Another stretcher was slipped in by his side. It was too dark to see the man upon it, but he was apparently suffering from the last stages of thirst. He had been shot through the roof of the mouth and the throat, and could not swallow. He was dying of thirst and hunger. He begged and entreated them for water. He pleaded with them, tried to bribe them, tried to order them, tried to bully them. It was pitiable to hear a strong man brought so low. And if they gave him a drop of water in a teaspoon, he would cough and choke to such a degree that it was obvious that too frequent doses would be the end of him. He would gurgle, and moan, and pine. It was awful.

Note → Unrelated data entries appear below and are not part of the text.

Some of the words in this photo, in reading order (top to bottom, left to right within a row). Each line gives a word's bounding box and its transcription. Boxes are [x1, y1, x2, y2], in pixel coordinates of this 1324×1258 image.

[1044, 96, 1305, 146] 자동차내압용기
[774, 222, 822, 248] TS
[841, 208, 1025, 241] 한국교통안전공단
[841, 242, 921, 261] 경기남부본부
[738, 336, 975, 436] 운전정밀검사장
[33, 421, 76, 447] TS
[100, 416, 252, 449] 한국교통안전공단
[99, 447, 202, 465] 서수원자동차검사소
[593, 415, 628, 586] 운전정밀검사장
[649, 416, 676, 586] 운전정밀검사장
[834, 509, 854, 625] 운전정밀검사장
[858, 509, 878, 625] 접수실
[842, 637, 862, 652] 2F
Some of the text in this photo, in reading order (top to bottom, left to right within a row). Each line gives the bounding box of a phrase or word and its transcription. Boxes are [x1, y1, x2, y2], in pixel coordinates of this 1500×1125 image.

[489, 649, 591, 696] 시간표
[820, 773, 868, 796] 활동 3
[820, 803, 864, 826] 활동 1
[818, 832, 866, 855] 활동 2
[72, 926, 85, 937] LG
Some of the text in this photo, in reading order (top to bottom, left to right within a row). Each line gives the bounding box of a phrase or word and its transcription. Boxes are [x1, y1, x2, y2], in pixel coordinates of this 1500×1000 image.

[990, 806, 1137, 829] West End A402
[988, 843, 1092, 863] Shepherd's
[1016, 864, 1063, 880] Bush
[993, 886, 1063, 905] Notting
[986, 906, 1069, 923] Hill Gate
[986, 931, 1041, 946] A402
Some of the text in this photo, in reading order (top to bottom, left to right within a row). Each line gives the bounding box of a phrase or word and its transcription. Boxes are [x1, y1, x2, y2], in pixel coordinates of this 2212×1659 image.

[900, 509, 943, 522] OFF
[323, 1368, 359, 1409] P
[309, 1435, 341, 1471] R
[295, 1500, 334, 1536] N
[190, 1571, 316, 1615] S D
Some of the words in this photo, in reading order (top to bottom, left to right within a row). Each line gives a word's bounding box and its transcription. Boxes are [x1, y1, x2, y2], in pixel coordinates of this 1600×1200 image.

They were journeying to the Clearing Hospital. The road, bad at the best of times, was now pitted with shell holes, and was truly abominable. "Is a country," he said to himself, "that will not allow its wounded pneumatic tyres to ride upon, worth fighting for?"

They jolted on through the remaining part of the night. At dawn they were disembarked, and put to rest in a little farm-house, where they gave them soup and milk. But there were only mattresses thrown on a stone floor, and the pain in his spine was so acute that he almost forgot about his head.

His companion on the journey was placed in the same room. At the beginning of the night he had pitied the poor fellow immensely. But his prayers and entreaties were too pitiful to bear. What he must have been suffering! It added an extra weight to his own burden. Thank God, he had never been very thirsty!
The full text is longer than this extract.